He spent his schooldays at Brighton and Hove Grammar School (now BHASVIC) where he showed a talent for drawing and developed an interest in design. Then, at the age of 16, he joined the Brighton School of Art, where he studied architecture under Frank Green and eventually became an associate of the Royal Institute of Architects (ARIBA).

Between 1955 and 1957 he did his National Service in the Royal Engineers and was stationed for the most part in Salisbury. Much of his time, it seems, was spent designing alterations and extensions to officers’ houses, an experience which provided him with a fund of amusing anecdotes.

In 1957 John married Marilyn Mayhew, a librarian, and they went on to form a close-knit family with three children—Nic (Nicholas), Pippa (Philippa) and Alex (Alexandra). That year also marked the beginning of John’s career as an architect when he joined a firm of architects in London and committed himself to a daily commute from Preston Park Station to London Victoria.

In 1959 he and Marilyn bought a piece of land in Inwood Crescent, high above the railway line. Keen to put his architectural ideas to the test and to explore the possibility of operating as an architect-developer, John designed and built a pair of houses, the eventual sale of one of which would help to finance the other. In order to accommodate the steep slope of the site the house was built on split levels around an open stair with the bedrooms on the upper entry level and the reception rooms below, opening to the garden. In 1970 the house proved too small for their growing family and they moved to a large Edwardian house in Windlesham Gardens.

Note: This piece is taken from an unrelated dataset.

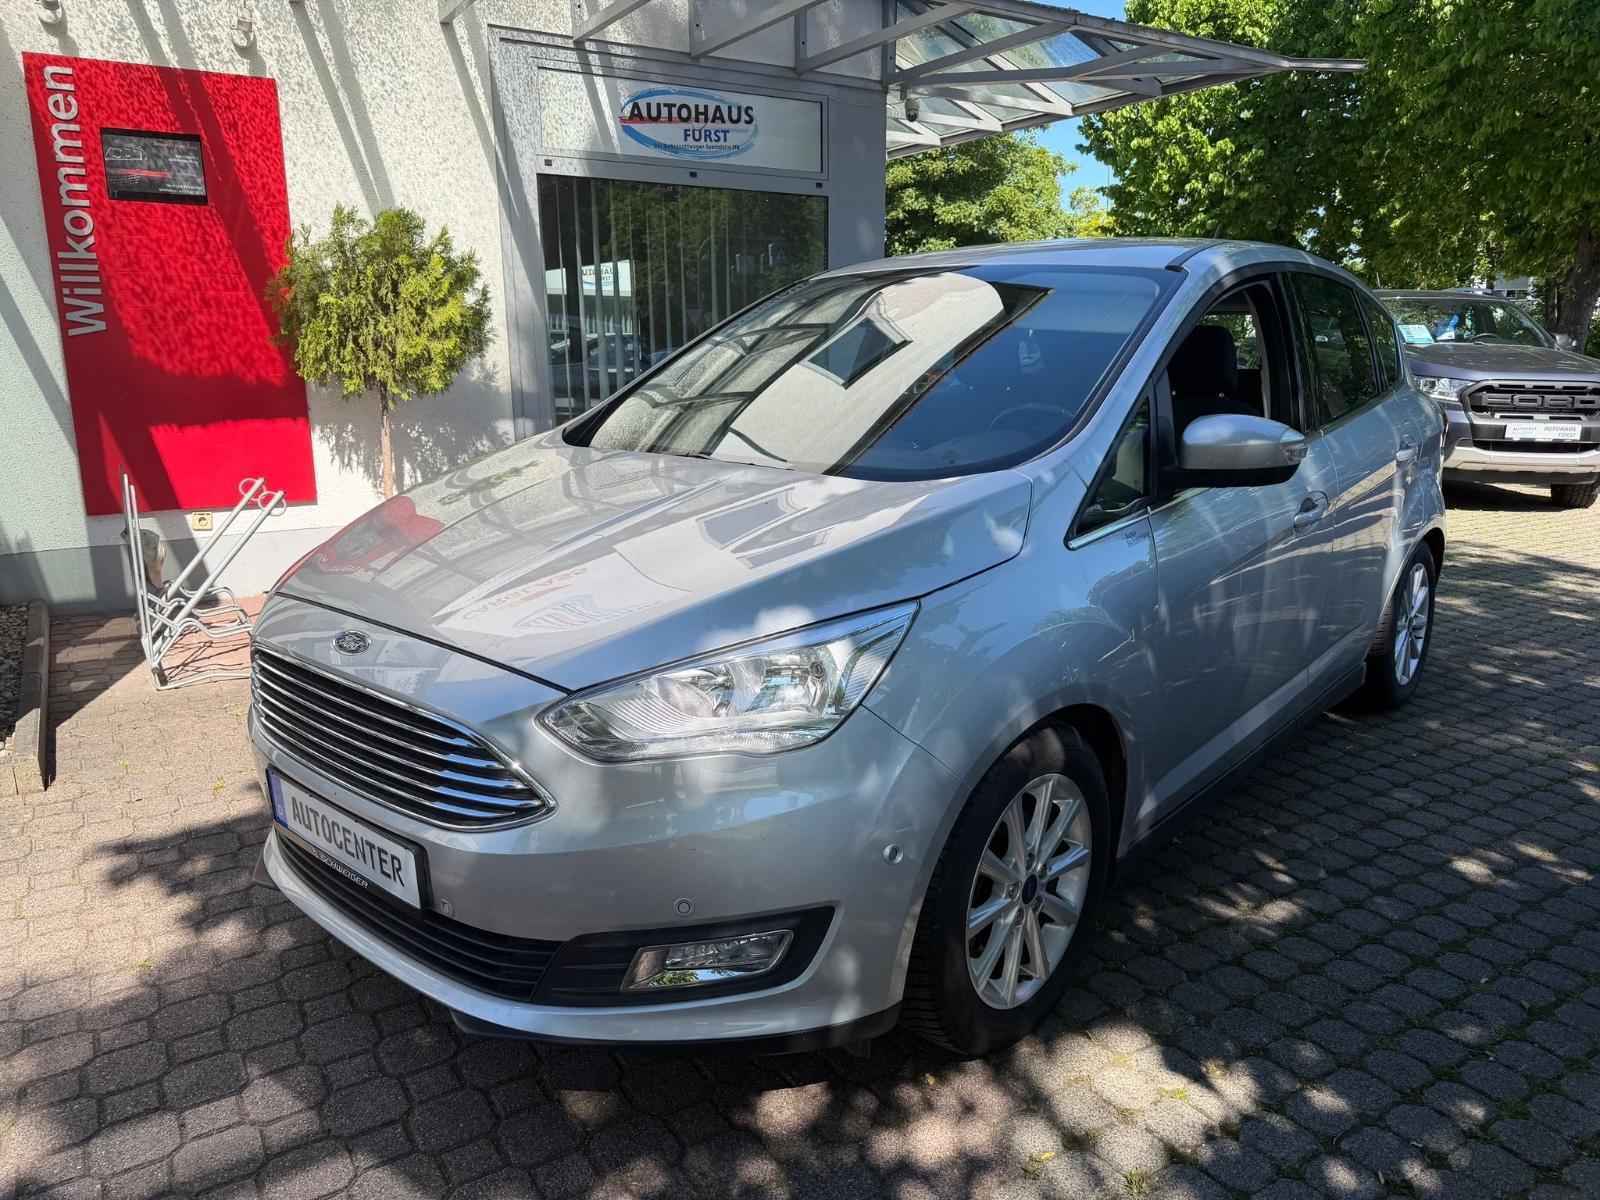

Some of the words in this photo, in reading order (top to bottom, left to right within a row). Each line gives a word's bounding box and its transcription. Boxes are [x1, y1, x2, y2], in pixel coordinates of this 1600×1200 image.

In the same year John joined architects Ronald Ward and Partners, the practice he would remain with for the next 32 years, first as an associate and later as a partner. Ronald Ward ran a respected commercial practice which specialised mainly in office buildings, the most famous being the Vickers Tower beside the Tate Gallery. During the 1960s John was involved with work in West Africa and spent regular short periods in Nigeria, Ghana and Sierra Leone. Later, during the 1980s, he worked on designs for the Hong Kong & Shanghai Bank in Hong Kong. When the office finally closed in 1991, John took early retirement at the relatively young age of 58, though he continued to work as an architectural consultant in Brighton and was responsible, amongst other things, for the internal re-ordering of St John the Baptist Church on Palmeira Square.

In 1979 John joined the Regency Society and in 1992 became a committee member and trustee. Anthony Dale had been one of the founders of the Regency Society in 1945 and served as its honorary secretary from 1948 until his death in 1993. During this period the secretary was the mainstay of the society and the chair had a more symbolic role. When Dale died, the Society was at a low ebb and it seemed possible that it would die with him. But the then chair, Ian Dunlop, rose to the challenge, put the society’s finances into order and laid the foundations for a new era of intense activity. In 1995 John became the Conservation Secretary and its representative on the City’s Conservation Advisory Group (CAG). Finally, in 1997 he stepped into Anthony Dale’s empty shoes to become the honorary secretary.

John served as secretary for 12 years from 1997 to 2009 under a succession of three very different but equally effective chairs: John Wells-Thorpe (1997-2000), Gavin Henderson (2000-2006) and Michael Ray (2006-2009), and there can be no doubt that he provided the foundation on which these three were able to function so effectively.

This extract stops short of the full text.